Having located "Some of the words" in the records below, repeat exactly the line it is on and all subsequent lines, ending with the last.

*Excerpted data*.
= = = =

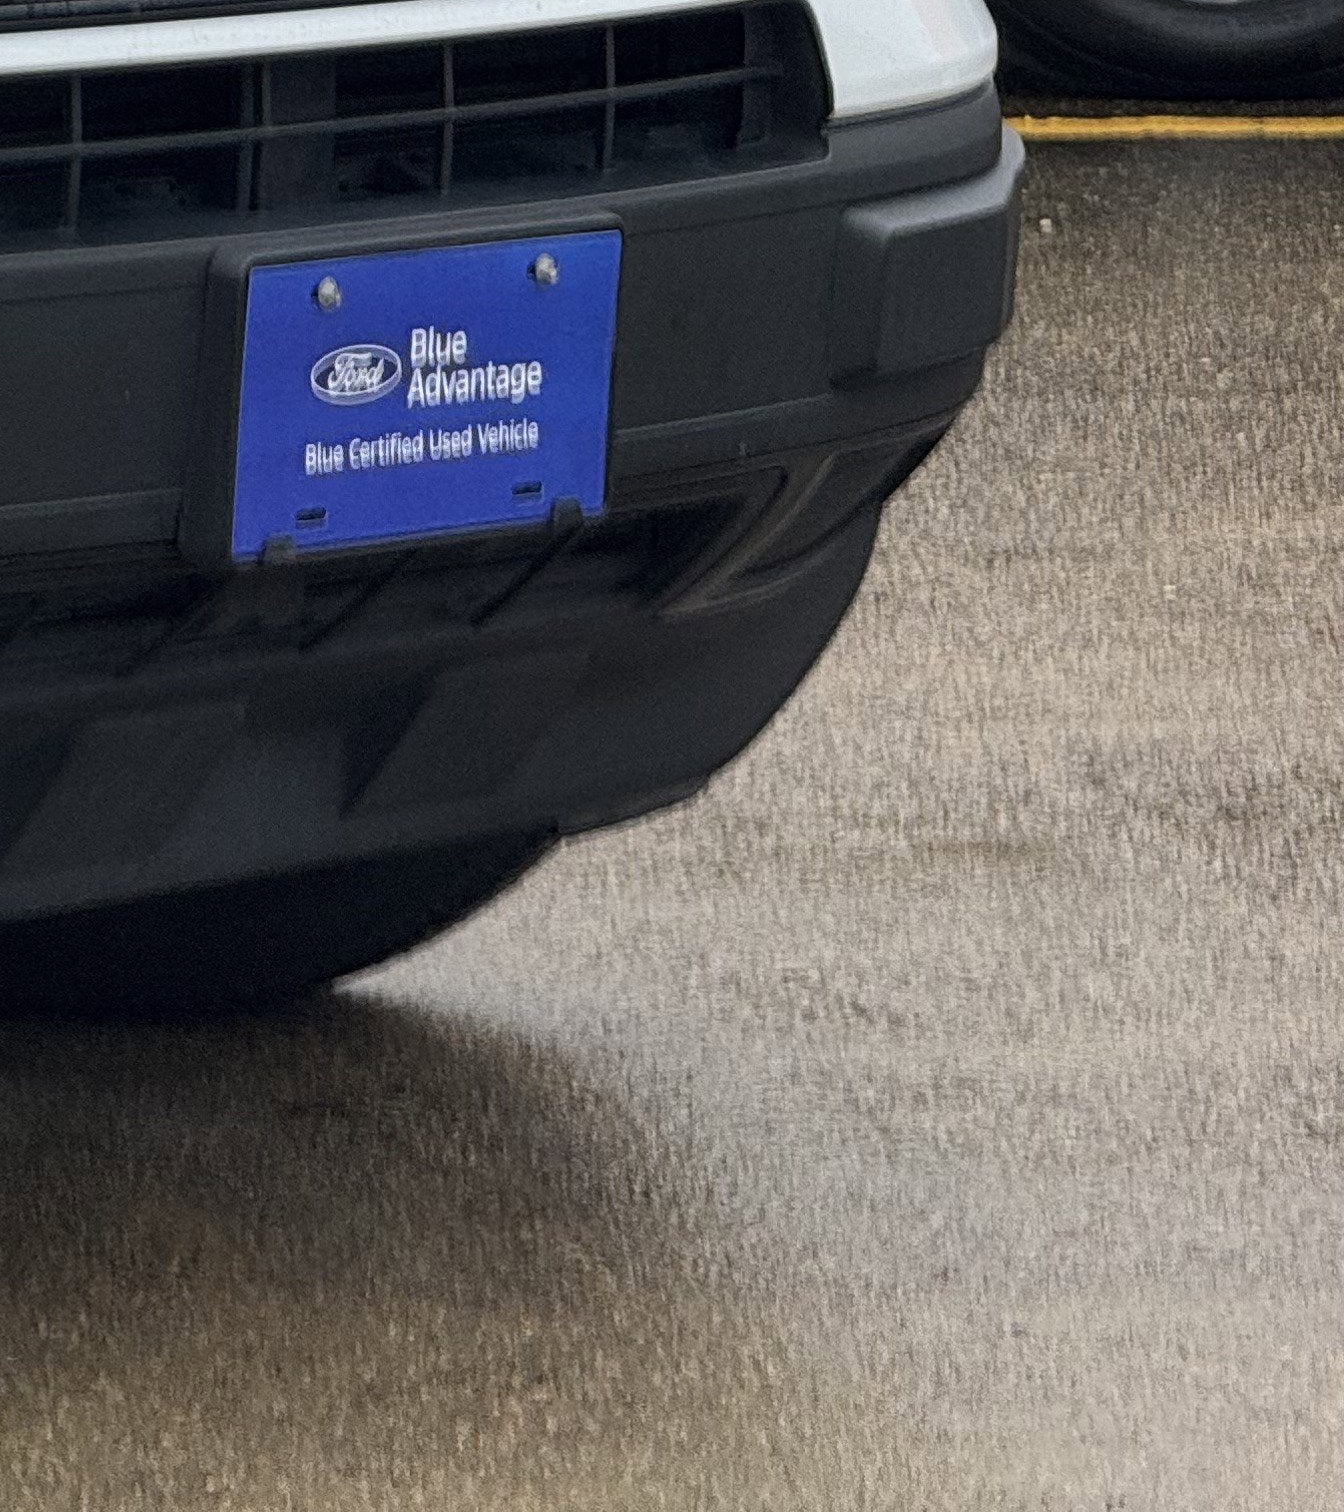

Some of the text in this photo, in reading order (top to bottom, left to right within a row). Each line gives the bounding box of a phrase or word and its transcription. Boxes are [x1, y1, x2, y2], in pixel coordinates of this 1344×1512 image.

[411, 325, 467, 368] Blue
[327, 352, 384, 392] Ford
[407, 360, 542, 409] Advantage
[305, 417, 538, 476] Blue Certified Used Vehicle
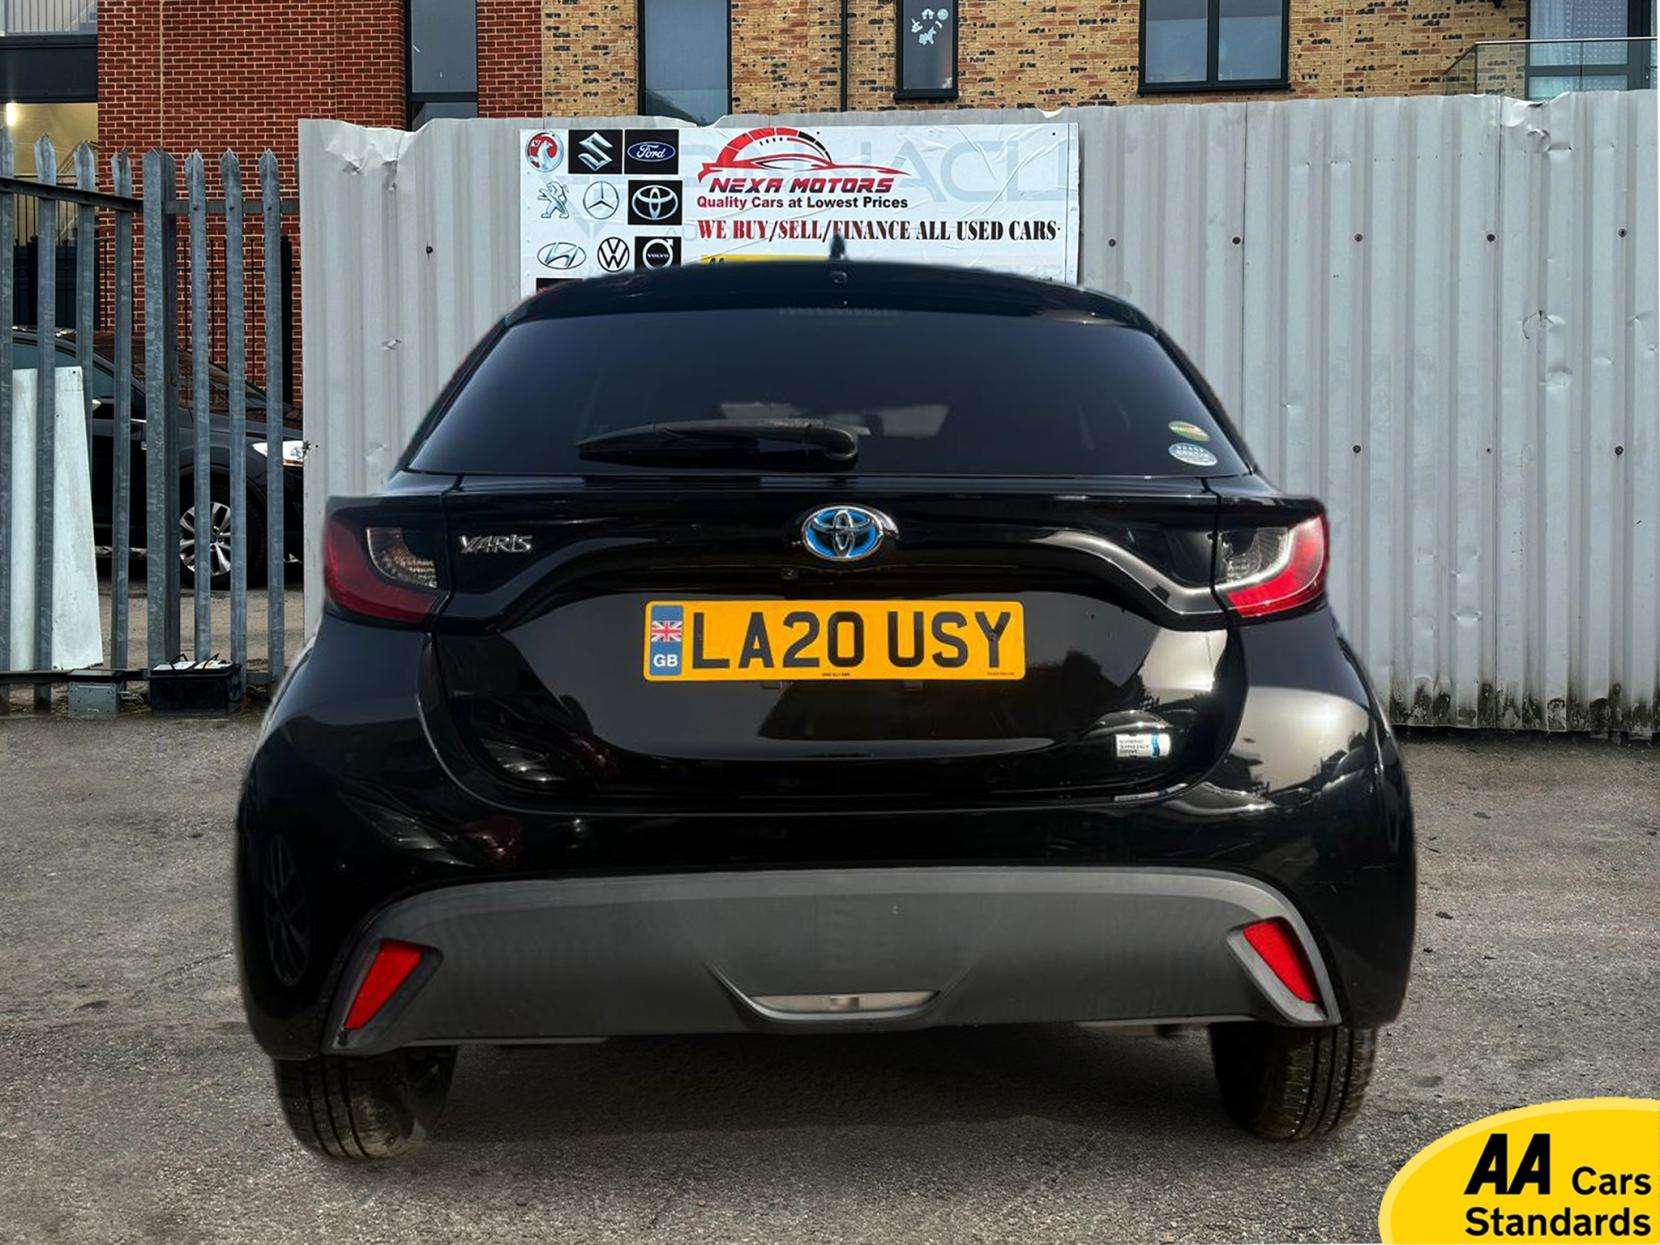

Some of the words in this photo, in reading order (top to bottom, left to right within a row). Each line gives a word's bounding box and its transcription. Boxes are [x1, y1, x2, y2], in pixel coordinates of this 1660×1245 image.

[635, 144, 666, 159] Ford
[709, 178, 783, 193] NEXA
[789, 178, 894, 194] MOTORS
[697, 196, 747, 210] Quality
[751, 196, 784, 208] Cars
[788, 197, 803, 208] at
[807, 197, 859, 208] Lowest
[862, 196, 908, 209] Prices
[698, 220, 727, 239] WE
[916, 221, 950, 240] ALL
[956, 220, 1004, 241] USED
[459, 534, 533, 554] YARIS
[692, 610, 865, 669] LA20
[887, 610, 1012, 669] USY
[652, 653, 679, 668] GB

= = = =

*Output for this exercise*.
Some of the words in this photo, in reading order (top to bottom, left to right within a row). Each line gives a word's bounding box and its transcription. Boxes are [x1, y1, x2, y2], in pixel coordinates of this 1660×1245 image.

[635, 144, 666, 159] Ford
[709, 178, 783, 193] NEXA
[789, 178, 894, 194] MOTORS
[697, 196, 747, 210] Quality
[751, 196, 784, 208] Cars
[788, 197, 803, 208] at
[807, 197, 859, 208] Lowest
[862, 196, 908, 209] Prices
[698, 220, 727, 239] WE
[916, 221, 950, 240] ALL
[956, 220, 1004, 241] USED
[459, 534, 533, 554] YARIS
[692, 610, 865, 669] LA20
[887, 610, 1012, 669] USY
[652, 653, 679, 668] GB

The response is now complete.